**WORK INSTRUCTION:**
Go to the line containing "this 1200×1600 image." in the listing below. Output that line and each later one exactly.

**DATA PROVIDED:**

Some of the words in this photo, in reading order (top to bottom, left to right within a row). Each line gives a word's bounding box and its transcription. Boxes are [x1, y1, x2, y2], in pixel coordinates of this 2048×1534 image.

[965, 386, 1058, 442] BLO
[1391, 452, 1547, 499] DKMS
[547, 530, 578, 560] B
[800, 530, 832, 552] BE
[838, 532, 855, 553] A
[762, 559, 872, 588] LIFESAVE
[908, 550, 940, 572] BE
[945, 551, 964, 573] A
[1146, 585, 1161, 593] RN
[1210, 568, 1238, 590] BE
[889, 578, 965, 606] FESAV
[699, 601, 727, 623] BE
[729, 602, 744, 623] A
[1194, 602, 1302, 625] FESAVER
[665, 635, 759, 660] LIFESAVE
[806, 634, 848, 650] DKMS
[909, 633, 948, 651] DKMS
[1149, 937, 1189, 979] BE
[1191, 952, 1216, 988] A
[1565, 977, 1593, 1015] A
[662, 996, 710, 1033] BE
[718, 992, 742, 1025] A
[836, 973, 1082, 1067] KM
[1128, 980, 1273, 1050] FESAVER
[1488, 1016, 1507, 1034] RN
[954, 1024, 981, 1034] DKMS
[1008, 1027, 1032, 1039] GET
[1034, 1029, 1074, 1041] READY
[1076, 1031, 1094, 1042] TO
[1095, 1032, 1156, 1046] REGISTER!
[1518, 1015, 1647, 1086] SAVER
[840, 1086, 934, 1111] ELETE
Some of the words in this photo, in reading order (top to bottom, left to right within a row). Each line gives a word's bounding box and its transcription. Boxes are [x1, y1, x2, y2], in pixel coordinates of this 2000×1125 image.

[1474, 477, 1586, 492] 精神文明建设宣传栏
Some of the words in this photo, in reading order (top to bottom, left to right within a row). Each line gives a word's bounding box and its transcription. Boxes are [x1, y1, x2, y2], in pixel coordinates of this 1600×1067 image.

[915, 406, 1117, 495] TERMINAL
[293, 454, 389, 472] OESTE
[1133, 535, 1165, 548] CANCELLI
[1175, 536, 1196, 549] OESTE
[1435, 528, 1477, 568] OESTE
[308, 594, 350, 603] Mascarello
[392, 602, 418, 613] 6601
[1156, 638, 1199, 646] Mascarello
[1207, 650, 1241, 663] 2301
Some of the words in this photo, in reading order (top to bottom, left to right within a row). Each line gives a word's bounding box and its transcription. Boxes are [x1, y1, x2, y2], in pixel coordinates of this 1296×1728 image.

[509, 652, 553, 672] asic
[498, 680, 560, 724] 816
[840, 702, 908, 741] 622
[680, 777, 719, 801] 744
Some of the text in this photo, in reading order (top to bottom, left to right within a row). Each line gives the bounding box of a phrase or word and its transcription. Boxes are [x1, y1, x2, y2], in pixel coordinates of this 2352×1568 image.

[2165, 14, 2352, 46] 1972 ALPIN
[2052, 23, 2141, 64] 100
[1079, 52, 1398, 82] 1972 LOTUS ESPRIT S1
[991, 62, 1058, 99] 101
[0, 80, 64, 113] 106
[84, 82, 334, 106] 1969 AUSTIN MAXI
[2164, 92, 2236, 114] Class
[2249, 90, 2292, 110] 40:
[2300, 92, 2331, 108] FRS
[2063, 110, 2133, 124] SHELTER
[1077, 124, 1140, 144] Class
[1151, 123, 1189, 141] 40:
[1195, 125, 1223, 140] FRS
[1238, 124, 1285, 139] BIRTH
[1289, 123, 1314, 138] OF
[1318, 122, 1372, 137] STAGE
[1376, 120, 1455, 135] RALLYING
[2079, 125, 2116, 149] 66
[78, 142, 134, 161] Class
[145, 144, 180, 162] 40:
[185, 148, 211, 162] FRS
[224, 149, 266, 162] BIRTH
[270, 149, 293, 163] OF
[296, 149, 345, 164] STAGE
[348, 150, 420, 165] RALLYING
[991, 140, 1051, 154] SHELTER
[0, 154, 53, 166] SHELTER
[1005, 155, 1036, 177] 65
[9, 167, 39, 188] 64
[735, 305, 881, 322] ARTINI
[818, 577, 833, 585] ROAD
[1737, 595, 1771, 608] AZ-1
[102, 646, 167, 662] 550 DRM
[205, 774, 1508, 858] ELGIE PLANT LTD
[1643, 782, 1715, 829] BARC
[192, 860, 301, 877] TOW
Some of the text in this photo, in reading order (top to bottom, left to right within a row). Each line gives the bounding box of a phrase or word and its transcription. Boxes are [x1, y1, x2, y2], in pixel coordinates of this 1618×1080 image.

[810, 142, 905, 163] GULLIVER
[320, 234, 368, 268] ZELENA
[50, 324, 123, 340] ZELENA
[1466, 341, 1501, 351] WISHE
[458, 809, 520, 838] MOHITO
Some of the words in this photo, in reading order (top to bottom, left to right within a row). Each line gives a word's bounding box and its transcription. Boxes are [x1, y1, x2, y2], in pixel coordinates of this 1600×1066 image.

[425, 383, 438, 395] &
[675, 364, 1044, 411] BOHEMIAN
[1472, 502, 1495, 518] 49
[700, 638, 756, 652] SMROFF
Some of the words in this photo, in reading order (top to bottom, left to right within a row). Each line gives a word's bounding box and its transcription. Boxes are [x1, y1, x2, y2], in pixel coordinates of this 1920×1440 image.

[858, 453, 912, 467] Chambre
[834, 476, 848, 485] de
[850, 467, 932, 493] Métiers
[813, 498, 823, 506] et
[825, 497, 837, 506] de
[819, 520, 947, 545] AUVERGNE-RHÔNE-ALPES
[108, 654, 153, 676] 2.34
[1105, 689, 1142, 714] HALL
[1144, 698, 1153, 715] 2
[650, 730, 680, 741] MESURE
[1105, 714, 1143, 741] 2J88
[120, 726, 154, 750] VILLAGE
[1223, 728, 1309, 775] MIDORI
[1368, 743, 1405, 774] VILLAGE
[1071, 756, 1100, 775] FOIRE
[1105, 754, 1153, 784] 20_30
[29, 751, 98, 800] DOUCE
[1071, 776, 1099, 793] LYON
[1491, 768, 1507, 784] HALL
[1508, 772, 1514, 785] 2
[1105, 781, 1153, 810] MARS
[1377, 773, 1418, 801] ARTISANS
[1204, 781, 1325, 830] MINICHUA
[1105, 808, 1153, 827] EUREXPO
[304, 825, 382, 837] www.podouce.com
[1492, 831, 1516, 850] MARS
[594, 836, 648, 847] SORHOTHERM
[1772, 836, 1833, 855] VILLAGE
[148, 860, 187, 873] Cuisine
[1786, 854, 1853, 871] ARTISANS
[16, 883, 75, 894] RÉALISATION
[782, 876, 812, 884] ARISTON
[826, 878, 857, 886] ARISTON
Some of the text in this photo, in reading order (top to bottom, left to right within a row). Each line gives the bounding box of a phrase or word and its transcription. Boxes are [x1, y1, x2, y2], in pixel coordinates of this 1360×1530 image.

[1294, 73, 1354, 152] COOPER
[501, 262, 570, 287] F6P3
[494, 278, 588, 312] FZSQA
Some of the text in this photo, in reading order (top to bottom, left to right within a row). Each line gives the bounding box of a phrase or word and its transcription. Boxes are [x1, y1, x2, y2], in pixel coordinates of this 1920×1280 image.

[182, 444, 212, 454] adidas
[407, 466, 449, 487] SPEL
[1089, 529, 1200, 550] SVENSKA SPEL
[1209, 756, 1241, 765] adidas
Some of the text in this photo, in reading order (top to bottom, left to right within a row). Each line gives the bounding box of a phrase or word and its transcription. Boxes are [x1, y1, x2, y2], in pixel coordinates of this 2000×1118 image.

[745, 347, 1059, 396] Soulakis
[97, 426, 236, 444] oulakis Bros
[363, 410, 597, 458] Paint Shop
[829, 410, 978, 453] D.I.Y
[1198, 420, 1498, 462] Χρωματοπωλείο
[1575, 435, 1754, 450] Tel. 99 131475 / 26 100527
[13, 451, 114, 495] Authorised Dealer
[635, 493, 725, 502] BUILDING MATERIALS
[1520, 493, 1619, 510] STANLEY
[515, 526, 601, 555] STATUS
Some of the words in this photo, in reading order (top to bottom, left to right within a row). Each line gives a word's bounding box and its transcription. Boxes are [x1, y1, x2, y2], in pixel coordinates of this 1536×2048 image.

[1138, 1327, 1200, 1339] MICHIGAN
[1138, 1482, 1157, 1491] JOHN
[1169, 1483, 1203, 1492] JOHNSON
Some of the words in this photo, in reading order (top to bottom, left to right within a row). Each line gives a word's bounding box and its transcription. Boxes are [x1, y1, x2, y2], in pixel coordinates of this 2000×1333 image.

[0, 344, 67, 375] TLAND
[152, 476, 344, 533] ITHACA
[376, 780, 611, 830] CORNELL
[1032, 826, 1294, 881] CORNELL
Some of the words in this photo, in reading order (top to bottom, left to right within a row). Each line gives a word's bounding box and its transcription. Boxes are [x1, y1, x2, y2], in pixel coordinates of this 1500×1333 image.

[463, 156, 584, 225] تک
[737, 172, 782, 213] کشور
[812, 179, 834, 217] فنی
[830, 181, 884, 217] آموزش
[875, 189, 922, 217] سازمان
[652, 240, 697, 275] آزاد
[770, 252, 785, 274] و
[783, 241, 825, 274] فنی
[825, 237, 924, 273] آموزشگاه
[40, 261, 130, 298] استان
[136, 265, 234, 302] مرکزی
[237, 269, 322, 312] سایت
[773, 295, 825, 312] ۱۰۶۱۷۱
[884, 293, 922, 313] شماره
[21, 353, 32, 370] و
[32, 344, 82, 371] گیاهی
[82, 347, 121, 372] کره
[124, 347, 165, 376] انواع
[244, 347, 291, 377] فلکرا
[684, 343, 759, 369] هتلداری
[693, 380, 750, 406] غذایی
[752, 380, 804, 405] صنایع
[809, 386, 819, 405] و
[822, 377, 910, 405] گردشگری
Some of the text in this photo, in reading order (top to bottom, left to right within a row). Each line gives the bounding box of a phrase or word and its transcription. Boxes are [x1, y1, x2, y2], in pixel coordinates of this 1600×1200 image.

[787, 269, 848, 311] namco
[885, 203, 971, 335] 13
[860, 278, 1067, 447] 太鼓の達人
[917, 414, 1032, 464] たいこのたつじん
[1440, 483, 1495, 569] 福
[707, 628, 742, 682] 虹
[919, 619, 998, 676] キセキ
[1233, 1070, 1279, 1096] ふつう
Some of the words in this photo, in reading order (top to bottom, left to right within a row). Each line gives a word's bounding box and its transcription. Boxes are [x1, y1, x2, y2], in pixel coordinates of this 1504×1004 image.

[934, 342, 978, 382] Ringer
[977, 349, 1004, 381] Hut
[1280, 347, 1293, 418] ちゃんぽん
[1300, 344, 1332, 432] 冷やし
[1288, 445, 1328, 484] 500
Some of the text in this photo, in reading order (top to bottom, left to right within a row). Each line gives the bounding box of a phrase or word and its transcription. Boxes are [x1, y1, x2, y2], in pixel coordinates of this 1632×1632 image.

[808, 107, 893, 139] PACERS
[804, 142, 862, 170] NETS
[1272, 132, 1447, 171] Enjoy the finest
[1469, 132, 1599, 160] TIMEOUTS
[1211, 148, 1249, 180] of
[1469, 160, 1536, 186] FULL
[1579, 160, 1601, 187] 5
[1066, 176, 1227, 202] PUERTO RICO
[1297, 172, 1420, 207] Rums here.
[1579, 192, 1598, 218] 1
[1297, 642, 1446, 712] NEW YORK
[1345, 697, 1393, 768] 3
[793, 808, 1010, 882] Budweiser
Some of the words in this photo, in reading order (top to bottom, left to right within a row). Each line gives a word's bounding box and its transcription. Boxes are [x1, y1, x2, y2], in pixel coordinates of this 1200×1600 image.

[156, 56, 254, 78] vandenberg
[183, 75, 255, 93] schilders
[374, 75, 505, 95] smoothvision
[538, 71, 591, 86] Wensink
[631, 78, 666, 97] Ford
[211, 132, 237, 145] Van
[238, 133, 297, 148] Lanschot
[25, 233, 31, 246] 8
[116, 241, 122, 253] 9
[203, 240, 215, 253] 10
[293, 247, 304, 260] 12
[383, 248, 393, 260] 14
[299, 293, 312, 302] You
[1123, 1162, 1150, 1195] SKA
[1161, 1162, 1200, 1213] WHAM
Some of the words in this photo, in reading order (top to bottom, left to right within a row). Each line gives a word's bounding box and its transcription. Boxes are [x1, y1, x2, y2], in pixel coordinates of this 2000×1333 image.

**WRITTEN RESPONSE:**
Some of the words in this photo, in reading order (top to bottom, left to right within a row). Each line gives a word's bounding box and its transcription. Boxes are [x1, y1, x2, y2], in pixel coordinates of this 1200×1600 image.

[156, 56, 254, 78] vandenberg
[183, 75, 255, 93] schilders
[374, 75, 505, 95] smoothvision
[538, 71, 591, 86] Wensink
[631, 78, 666, 97] Ford
[211, 132, 237, 145] Van
[238, 133, 297, 148] Lanschot
[25, 233, 31, 246] 8
[116, 241, 122, 253] 9
[203, 240, 215, 253] 10
[293, 247, 304, 260] 12
[383, 248, 393, 260] 14
[299, 293, 312, 302] You
[1123, 1162, 1150, 1195] SKA
[1161, 1162, 1200, 1213] WHAM
Some of the words in this photo, in reading order (top to bottom, left to right within a row). Each line gives a word's bounding box and its transcription. Boxes are [x1, y1, x2, y2], in pixel coordinates of this 2000×1333 image.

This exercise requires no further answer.